_What needs to be done_:
The expected response is a copy of every line in the entries below that includes the word "FIRST".

═════ Records supplied ═════

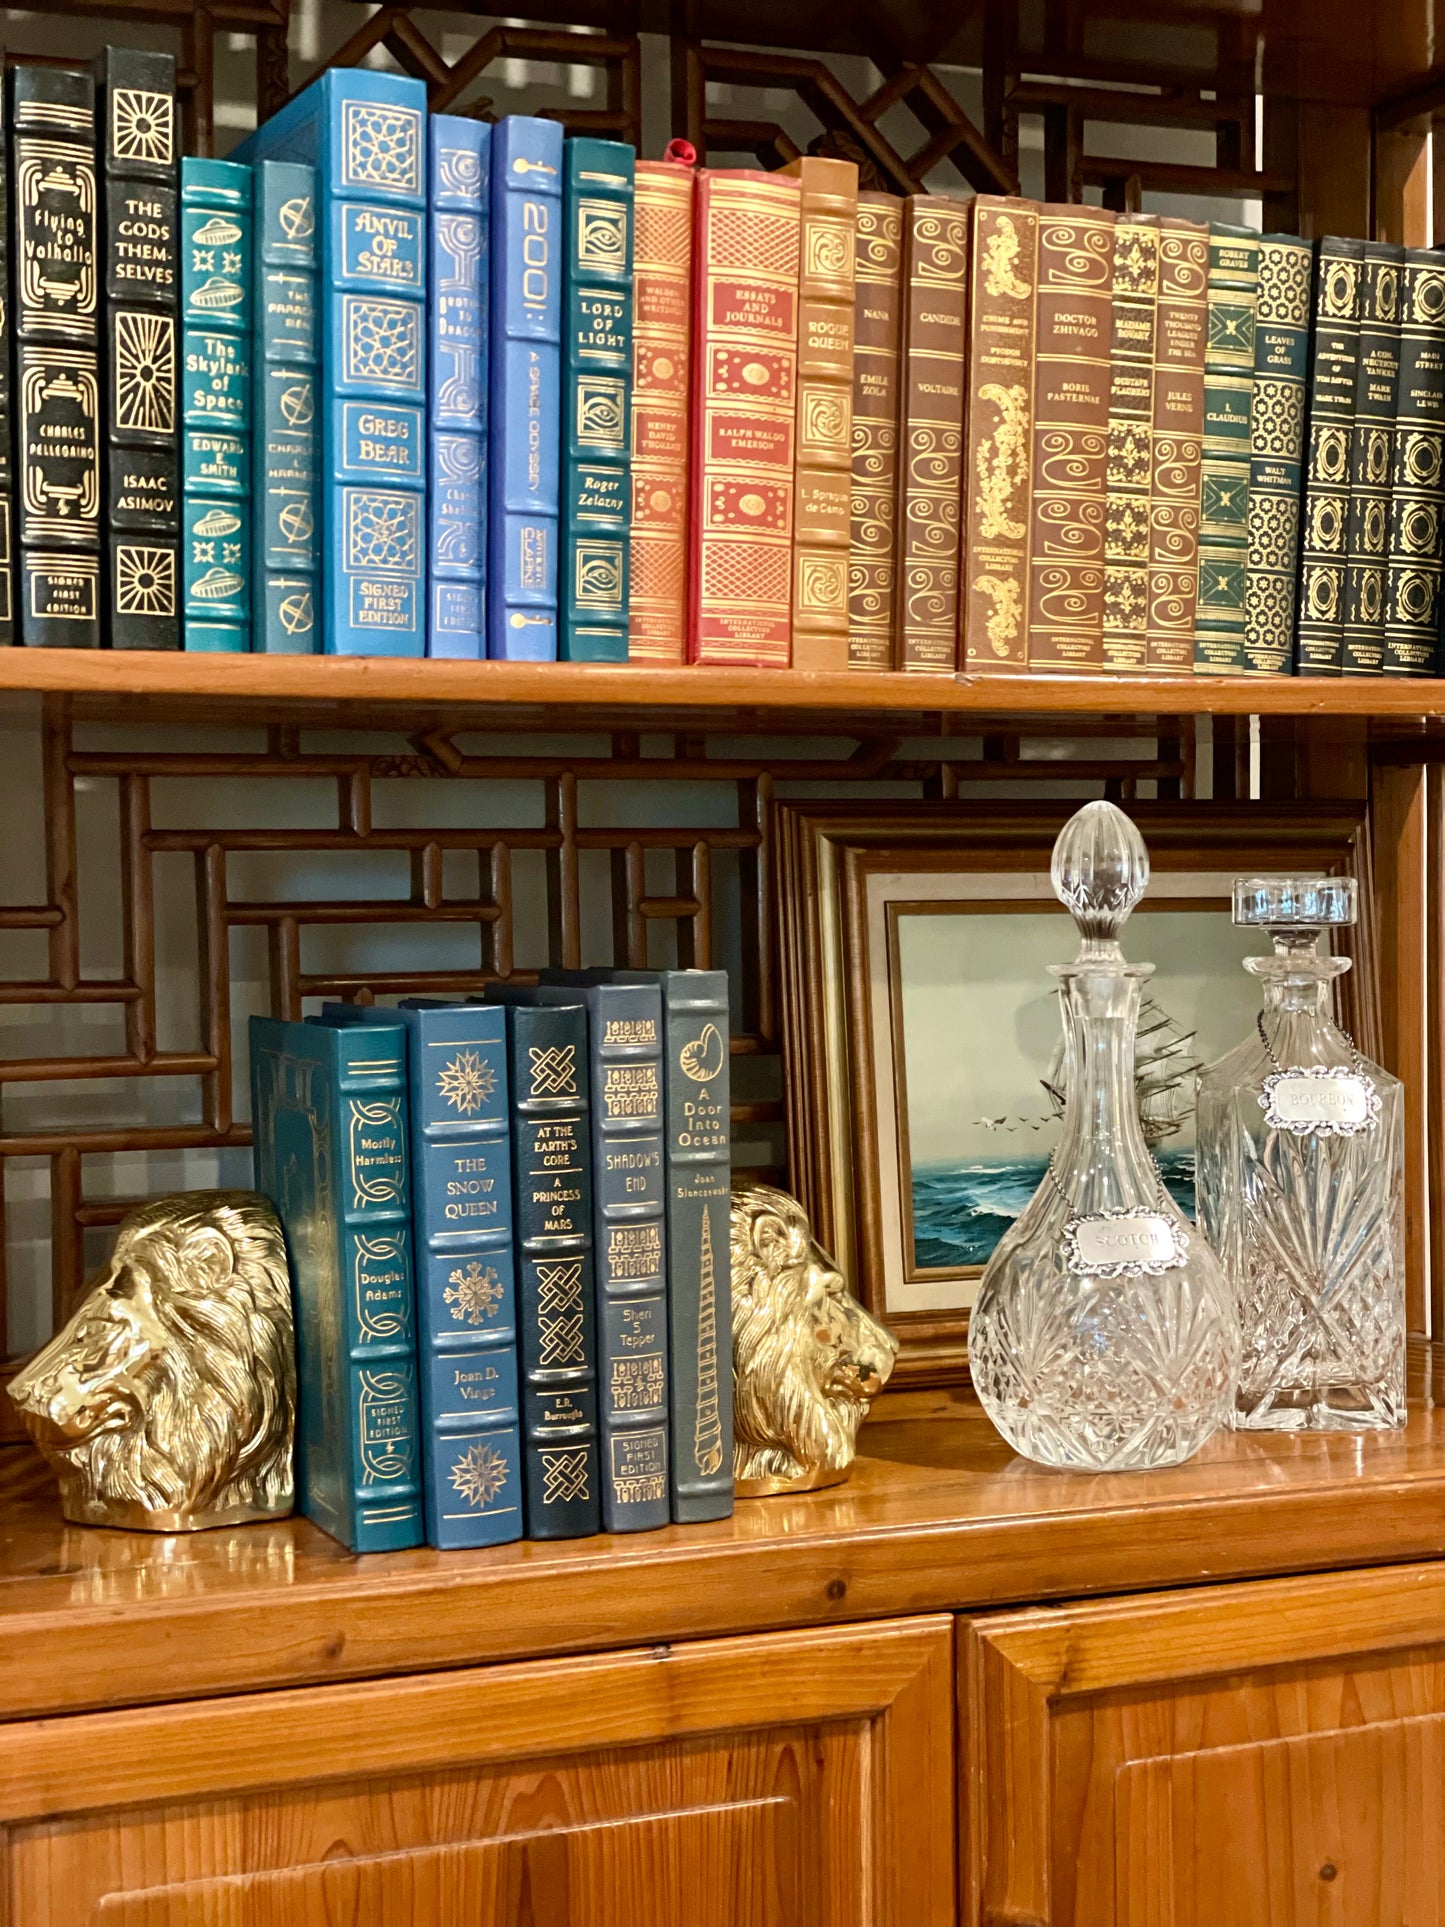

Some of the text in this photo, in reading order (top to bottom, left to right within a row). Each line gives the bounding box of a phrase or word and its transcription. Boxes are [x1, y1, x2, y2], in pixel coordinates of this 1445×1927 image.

[125, 200, 162, 219] THE
[34, 209, 85, 236] Flying
[355, 212, 413, 239] ANVIL
[57, 226, 74, 245] to
[119, 221, 170, 241] GODS
[26, 240, 92, 264] Valhalla
[115, 242, 172, 262] THEM-
[372, 235, 398, 256] OF
[1218, 249, 1249, 260] ROBERT
[356, 251, 413, 278] STARS
[1219, 260, 1248, 269] GRAVES
[116, 263, 173, 284] SELVES
[640, 295, 658, 304] AND
[735, 290, 776, 303] ESSAYS
[581, 302, 623, 318] LORD
[743, 302, 769, 313] AND
[724, 311, 783, 328] JOURNALS
[864, 309, 889, 321] NANA
[920, 312, 960, 326] CANDIDE
[1054, 313, 1097, 326] DOCTOR
[1168, 312, 1199, 321] TWENTY
[593, 318, 613, 331] OF
[808, 321, 849, 335] ROGUE
[1053, 325, 1098, 337] ZHIVAGO
[1116, 319, 1151, 331] MADAME
[1165, 321, 1201, 331] THOUSAND
[578, 332, 625, 347] LIGHT
[1117, 329, 1150, 340] BOVARY
[1167, 330, 1198, 340] LEAGUES
[1265, 335, 1295, 346] LEAVES
[205, 339, 235, 358] The
[808, 337, 849, 351] QUEEN
[1170, 339, 1195, 348] UNDER
[1168, 349, 1181, 357] THE
[1274, 346, 1286, 355] OF
[1420, 351, 1440, 360] MAIN
[186, 354, 249, 376] Skylark
[1267, 355, 1292, 365] GRASS
[1415, 360, 1443, 370] STREET
[1366, 366, 1396, 378] YANKEE
[212, 375, 229, 391] of
[860, 374, 888, 386] EMILE
[1114, 377, 1148, 387] GUSTAVE
[862, 386, 887, 397] ZOLA
[918, 383, 959, 396] VOLTAIRE
[1062, 382, 1090, 392] BORIS
[1369, 383, 1391, 393] MARK
[193, 389, 244, 411] Space
[1047, 392, 1100, 404] PASTERNAK
[1168, 391, 1193, 401] JULES
[1368, 392, 1392, 402] TWAIN
[1410, 389, 1443, 399] SINCLAIR
[1165, 401, 1193, 412] VERNE
[1416, 399, 1440, 408] LEWIS
[1206, 412, 1248, 425] CLAUDIUS
[39, 424, 86, 440] CHARLES
[358, 414, 409, 439] GREG
[647, 422, 677, 431] HENRY
[649, 431, 676, 441] DAVID
[719, 427, 785, 441] RALPH WALDO
[192, 438, 243, 454] EDWARD
[731, 438, 775, 450] EMERSON
[29, 443, 94, 459] PELLEGRINO
[359, 440, 410, 464] BEAR
[200, 463, 237, 477] SMITH
[1265, 466, 1286, 476] WALT
[123, 475, 167, 491] ISAAC
[584, 477, 620, 493] Roger
[1256, 475, 1292, 485] WHITMAN
[117, 496, 173, 512] ASIMOV
[578, 493, 624, 510] Zelazny
[805, 503, 818, 513] de
[359, 582, 409, 598] SIGNED
[364, 597, 402, 610] FIRST
[359, 610, 409, 624] EDITION
[699, 1088, 710, 1100] A
[684, 1102, 723, 1116] Door
[688, 1118, 720, 1131] Into
[537, 1126, 573, 1138] AT THE
[361, 1137, 396, 1150] Mostly
[534, 1139, 578, 1152] EARTH'S
[678, 1132, 727, 1147] Ocean
[454, 1158, 486, 1172] THE
[543, 1154, 571, 1166] CORE
[606, 1152, 660, 1170] SHADOW'S
[553, 1177, 562, 1188] A
[626, 1176, 646, 1193] END
[694, 1173, 716, 1184] Joan
[447, 1179, 494, 1195] SNOW
[532, 1190, 581, 1203] PRINCESS
[445, 1201, 497, 1219] QUEEN
[551, 1205, 565, 1216] OF
[544, 1219, 573, 1231] MARS
[1096, 1233, 1159, 1248] SCOTCH
[361, 1272, 404, 1285] Douglas
[366, 1290, 402, 1301] Adams
[620, 1334, 655, 1348] Tepper
[454, 1367, 499, 1385] Joan D.
[460, 1386, 496, 1400] Vinge
[555, 1398, 573, 1408] E.R.
[371, 1406, 404, 1418] SIGNED
[377, 1416, 401, 1426] FIRST
[622, 1438, 659, 1450] SIGNED
[626, 1451, 656, 1462] FIRST
[620, 1462, 662, 1475] EDITION

═════

_Worked solution_:
[364, 597, 402, 610] FIRST
[377, 1416, 401, 1426] FIRST
[626, 1451, 656, 1462] FIRST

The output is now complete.